Return the records below exactly; pictures stay out.

GIVEN RECORDS:

———

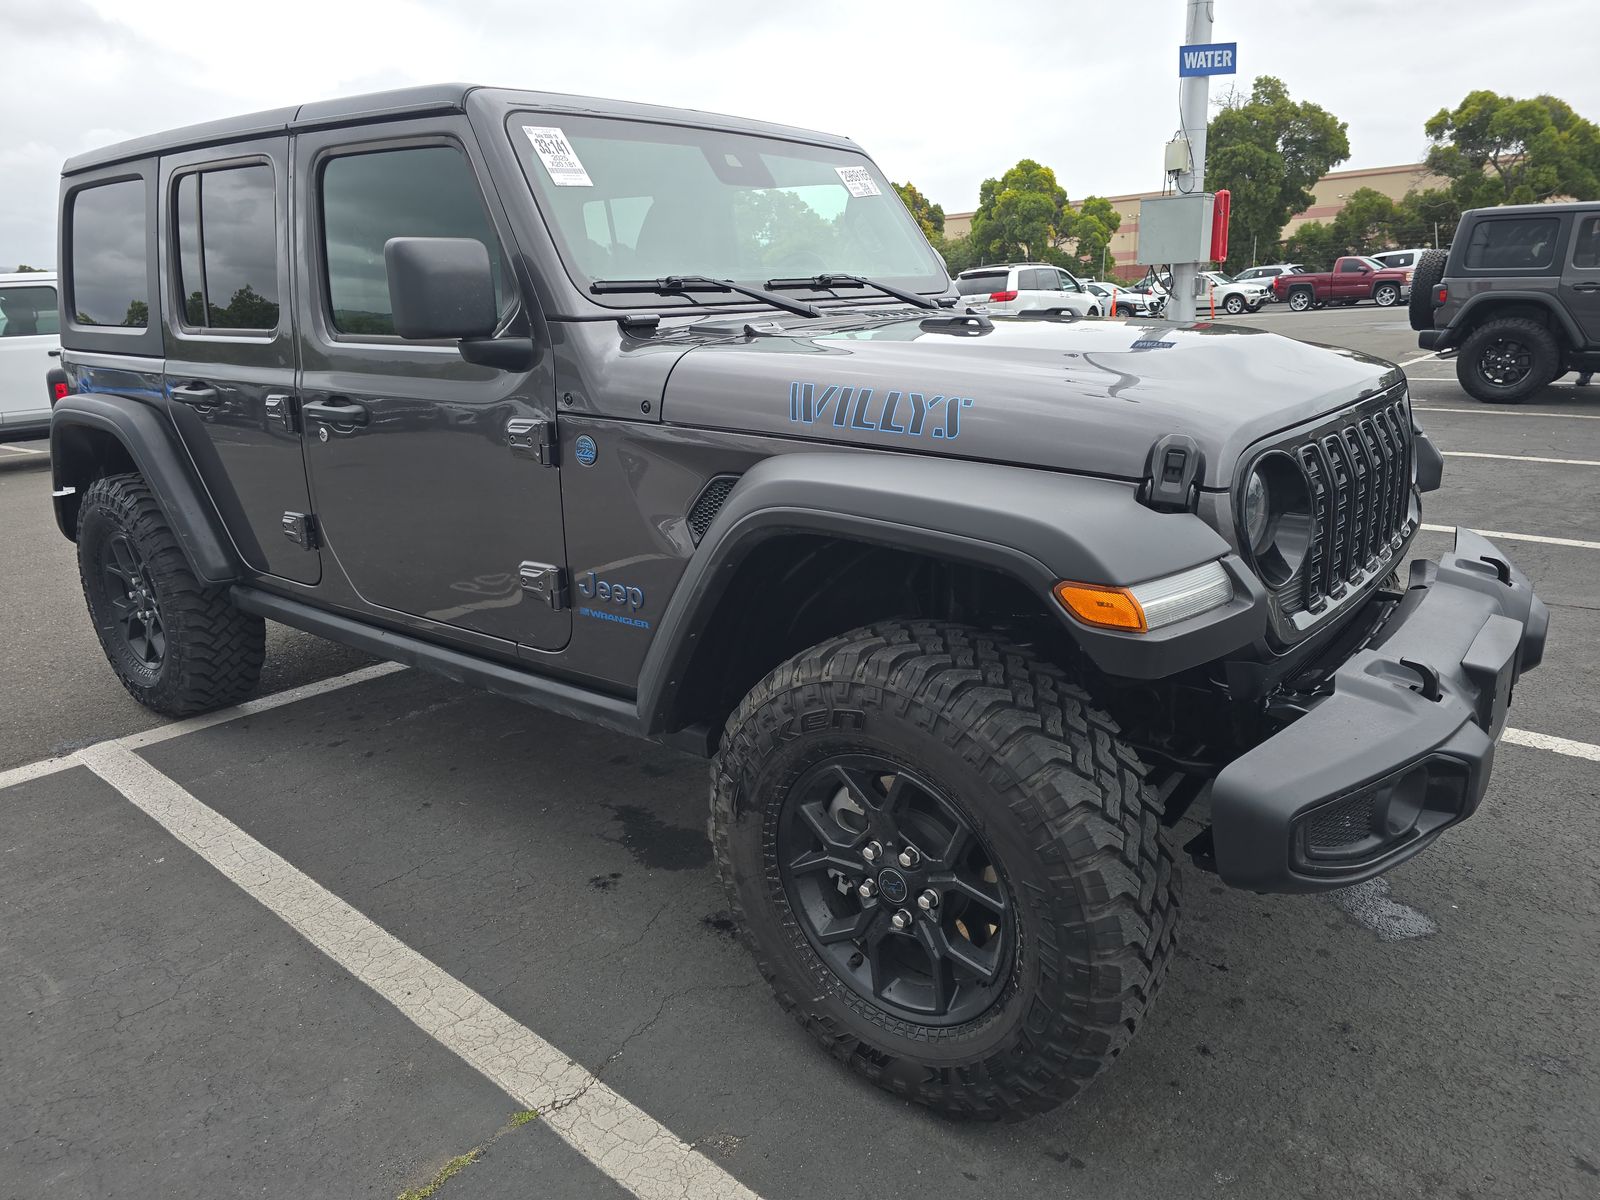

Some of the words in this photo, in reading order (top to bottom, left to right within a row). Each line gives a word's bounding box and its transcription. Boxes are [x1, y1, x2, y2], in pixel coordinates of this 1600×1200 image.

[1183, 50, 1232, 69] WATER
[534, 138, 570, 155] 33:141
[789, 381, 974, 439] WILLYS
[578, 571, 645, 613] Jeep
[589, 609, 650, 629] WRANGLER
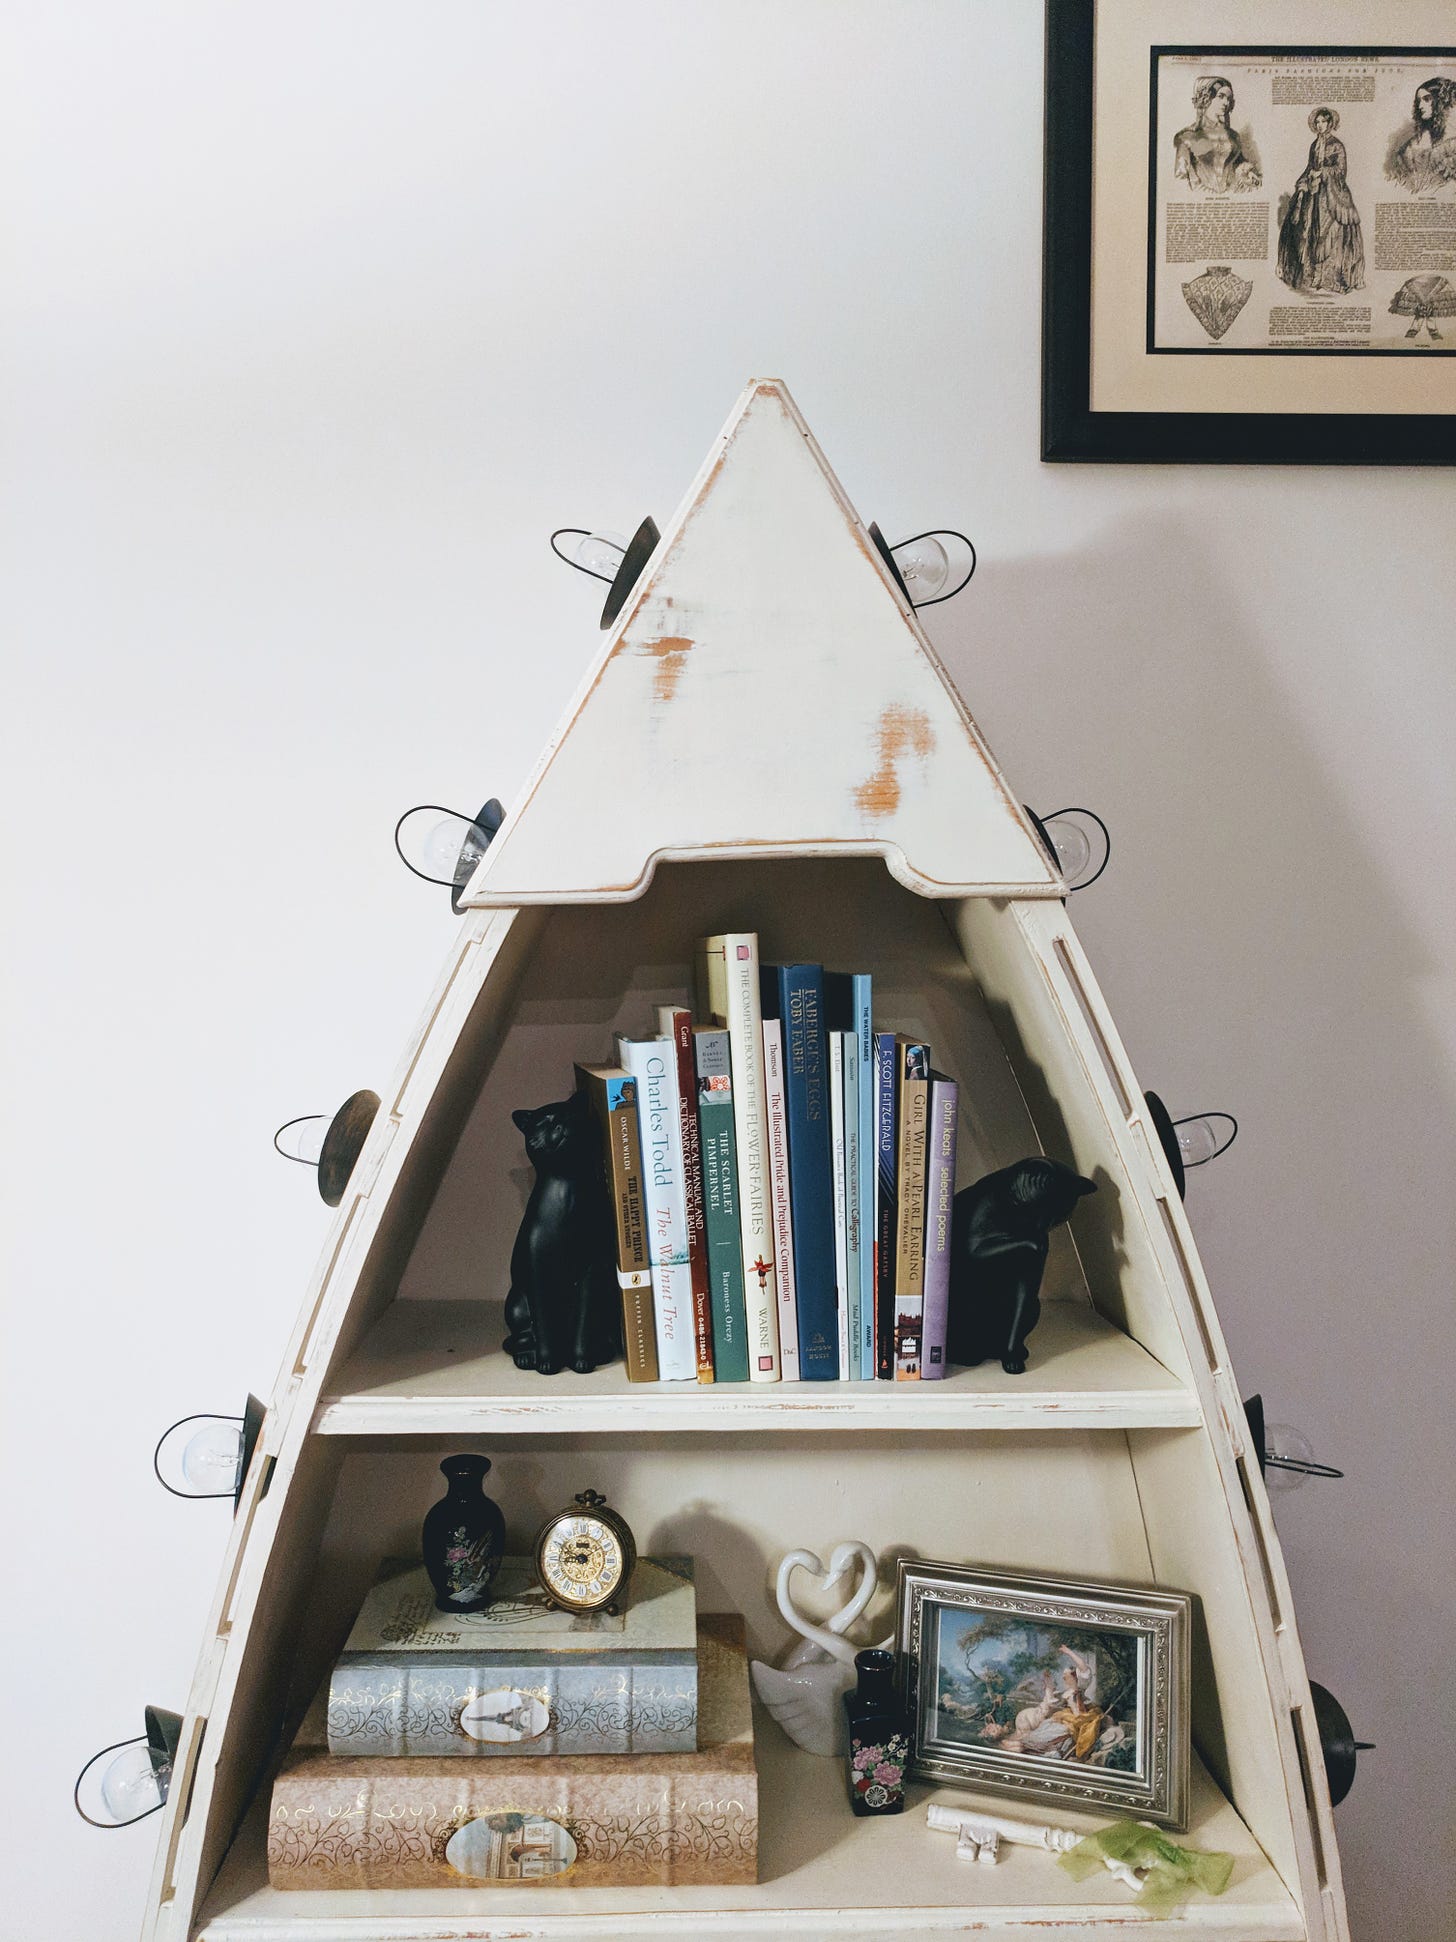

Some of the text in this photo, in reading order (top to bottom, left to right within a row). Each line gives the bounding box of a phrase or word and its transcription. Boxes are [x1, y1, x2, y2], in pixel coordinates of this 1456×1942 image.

———

RESULT OF THE TASK:
Some of the words in this photo, in reading order (top to bottom, left to right within a row). Each line gives a word's bounding box and its transcription. Boxes are [x1, y1, x2, y2], in pixel coordinates of this 1600×1200 image.

[1183, 50, 1232, 69] WATER
[534, 138, 570, 155] 33:141
[789, 381, 974, 439] WILLYS
[578, 571, 645, 613] Jeep
[589, 609, 650, 629] WRANGLER

Some of the text in this photo, in reading order (top to bottom, left to right within a row). Each line gives the bounding box of a phrase or word and its transcription. Boxes are [x1, y1, x2, y2], in pixel coordinates of this 1456×1942 image.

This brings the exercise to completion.